サウナ小説 ~サウナ音頭~ 第10話 アイデア(ウェルビー福岡)
私は朝に弱い。
目は覚めるのだがどうしても動けない。
ボンドが敷かれたベッドで寝ていたかと思うほど、自分とベッドの設置面積が減らない。
そんな心の弱さを溶かすために有効な方法はただ1つ。心踊る予定を朝に入れるしかないのだ。
九州サウナ旅行3日目。そんな予定はサウナしかあるめえよ。
本日は2サウナ回る予定。その1施設目こそが、
ウェルビー福岡
サウナーなら誰もが知るウェルビー系列。福岡を代表するサウナ施設だ。
鼻先にニンジンをぶら下げられた馬の如く、私はベッドから出た。
ここを訪れることを想定し、徒歩1分のホテルに前泊済。時刻はAM9:30。既に身も心も丸裸である。

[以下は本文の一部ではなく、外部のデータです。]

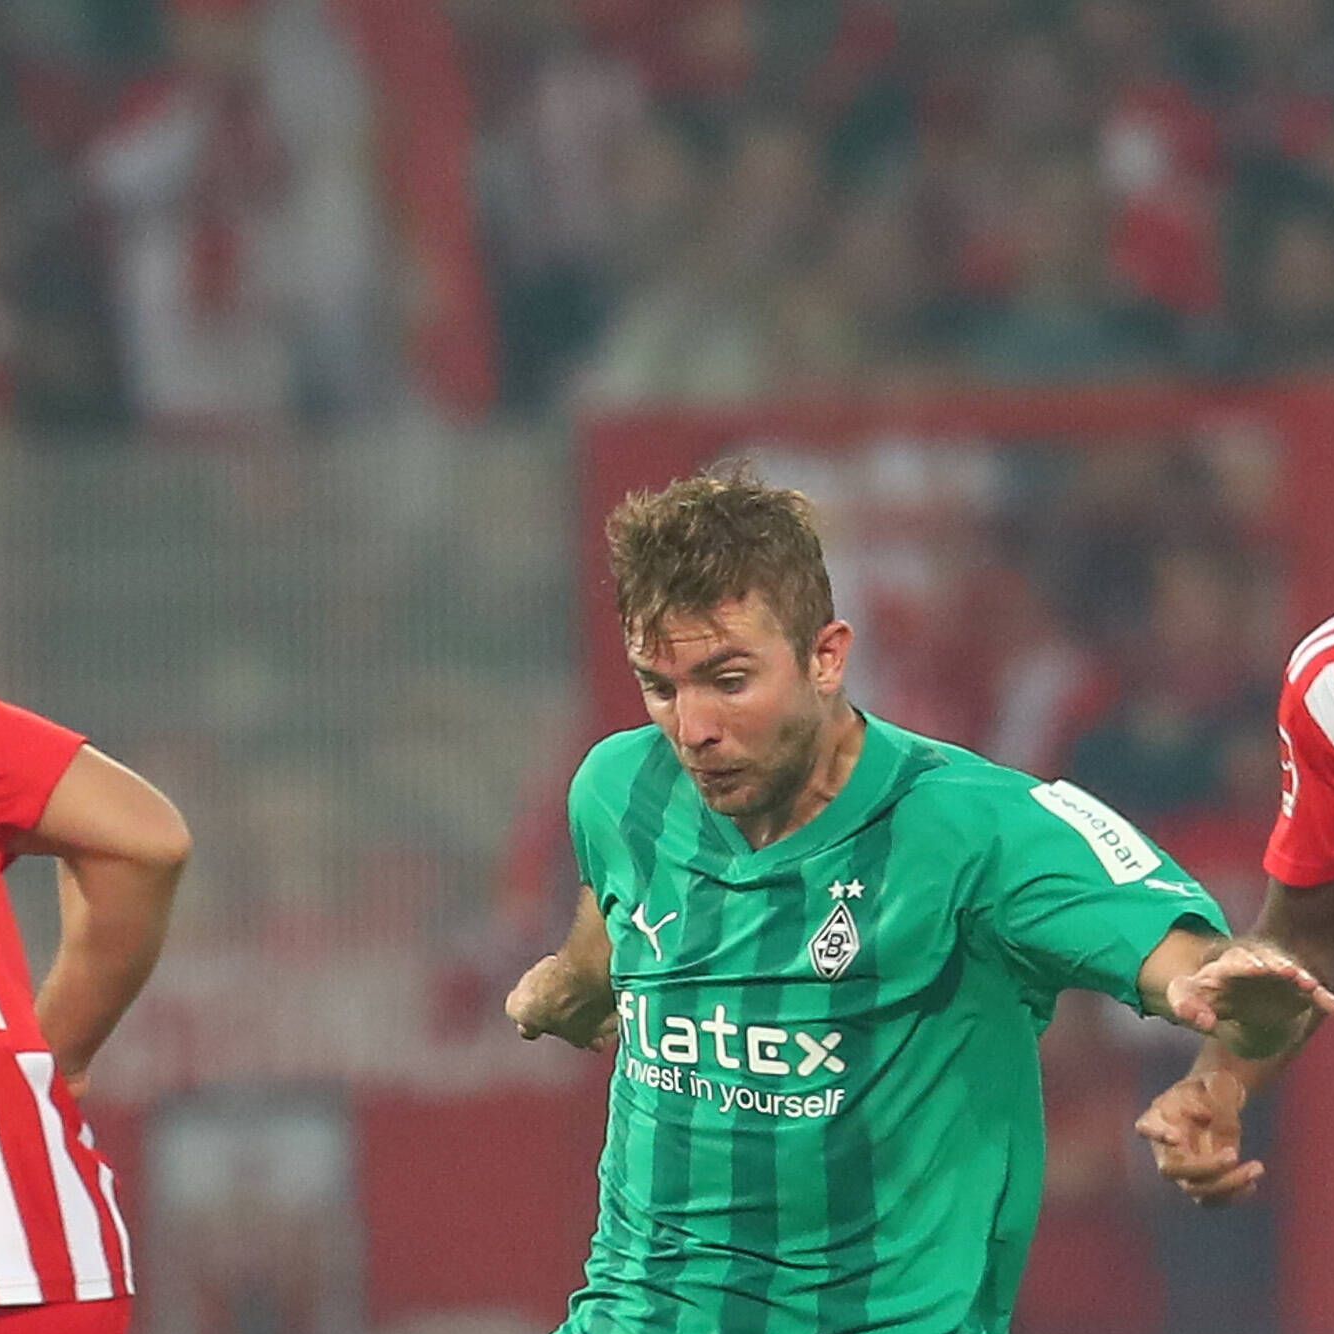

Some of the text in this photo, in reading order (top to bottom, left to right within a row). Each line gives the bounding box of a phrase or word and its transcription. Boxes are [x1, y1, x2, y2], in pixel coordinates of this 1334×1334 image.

[625, 1057, 845, 1118] nvest in yourself
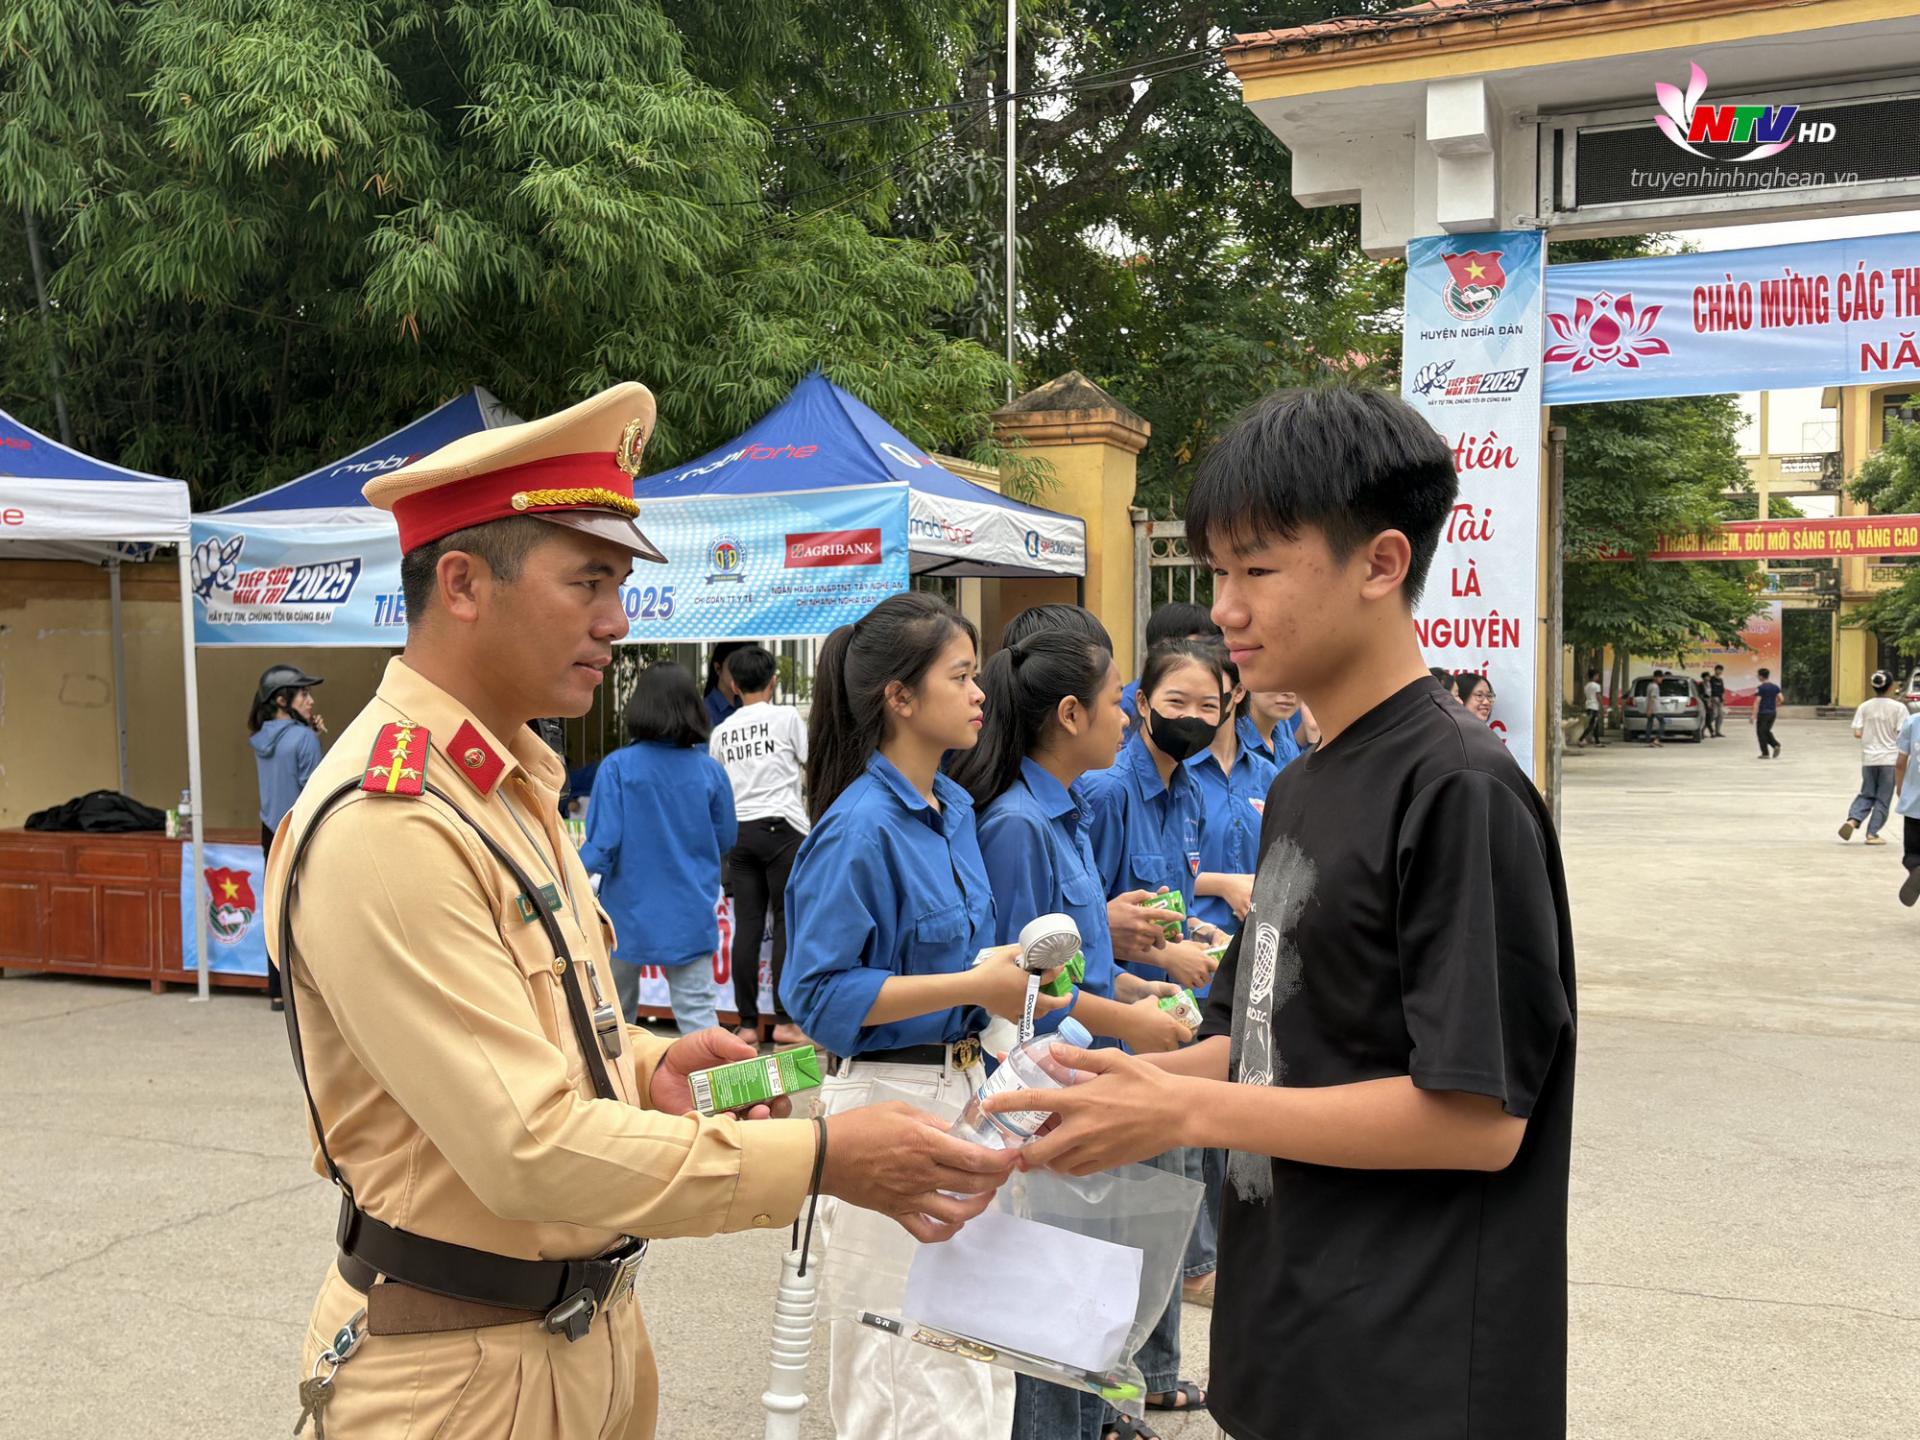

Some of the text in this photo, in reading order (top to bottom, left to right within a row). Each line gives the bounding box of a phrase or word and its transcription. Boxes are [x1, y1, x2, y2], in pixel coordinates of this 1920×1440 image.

浴室に一歩進むと目に入るのは、怪しげな扉たち。前方に2つ、左右に1つずつあり、これら全てがサウナへ続いている。うちはサウナ1本ですよ、そう言わんばかりのレイアウトだ。
ちなみにウェルビー福岡は2,3年ほど前に大改修を行い、お風呂がなくなったらしい。ええぇ!!
賛否両論あったらしいが、それでこそ人気施設。
個人的にはサウナがあればそれでいい。
期待に胸を膨らませながら左に曲がり、まずはシャワーで身体を清める。平日昼だがそれなりに人がいる。流石の人気ぶりだ。
さて湯通しをするためにお風呂、はないので早速サウナに向かう。使い放題のサウナパンツを履くと、まずは右手にあった扉、フィンランドサウナへ。
1歩中に入ると、神秘的な雰囲気に息を呑んだ。
暗めの室内。そんな暗がりにぼんやりと浮かぶオレンジ色の暖かい光。自ずと焚き火を連想させる。
よくよく周りを見渡してみると、天井には明かりがほぼない。では光はどこからきているかというと…サウナベンチからだ。木材たちは隙間ができるように組まれており、その隙間から暖かい光が漏れている。
あくまで照らす目的をもつ明かりではなく、たまたま漏れていた光。そんなイメージだろうか。唯一無二の雰囲気を作り出している。
さて肝心のサウナはというと、しっかりと汗をかける本格的なフィンランド式だ。温度計は90℃、湿度計は25%を指している。
この絶妙な温度と湿度が、優しく、しかししっかりと、着実に身体を温めていく。
次第に額から滲み出る汗。その汗はやがて大粒となり、頬を滑り顎から滴り落ちる。自由落下を始めた汗は急加速、即座に胡座をかいた太ももに着地。自分が汗をかいていることに気付く。そうしてタオルで顔を拭うが、また同じことが起きる。そんな事を繰り返しているとあっという間に10分が経過。ゆっくりと腰を持ち上げ、水風呂へと向かった。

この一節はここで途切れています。